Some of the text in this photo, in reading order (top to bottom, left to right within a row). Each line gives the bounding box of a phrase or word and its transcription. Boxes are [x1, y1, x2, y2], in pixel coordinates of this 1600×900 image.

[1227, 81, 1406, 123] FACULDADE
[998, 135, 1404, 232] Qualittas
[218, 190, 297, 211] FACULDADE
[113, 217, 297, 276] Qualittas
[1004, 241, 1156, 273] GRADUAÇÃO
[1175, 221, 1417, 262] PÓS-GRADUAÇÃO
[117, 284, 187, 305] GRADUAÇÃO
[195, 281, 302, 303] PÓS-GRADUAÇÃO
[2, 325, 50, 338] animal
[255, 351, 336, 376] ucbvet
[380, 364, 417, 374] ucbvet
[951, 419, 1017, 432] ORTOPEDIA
++++++++
REQUIRED WORK: From the first line to the last, retype the data exactly.

SOLUTION TO THIS EXERCISE:
Some of the text in this photo, in reading order (top to bottom, left to right within a row). Each line gives the bounding box of a phrase or word and its transcription. Boxes are [x1, y1, x2, y2], in pixel coordinates of this 1600×900 image.

[1227, 81, 1406, 123] FACULDADE
[998, 135, 1404, 232] Qualittas
[218, 190, 297, 211] FACULDADE
[113, 217, 297, 276] Qualittas
[1004, 241, 1156, 273] GRADUAÇÃO
[1175, 221, 1417, 262] PÓS-GRADUAÇÃO
[117, 284, 187, 305] GRADUAÇÃO
[195, 281, 302, 303] PÓS-GRADUAÇÃO
[2, 325, 50, 338] animal
[255, 351, 336, 376] ucbvet
[380, 364, 417, 374] ucbvet
[951, 419, 1017, 432] ORTOPEDIA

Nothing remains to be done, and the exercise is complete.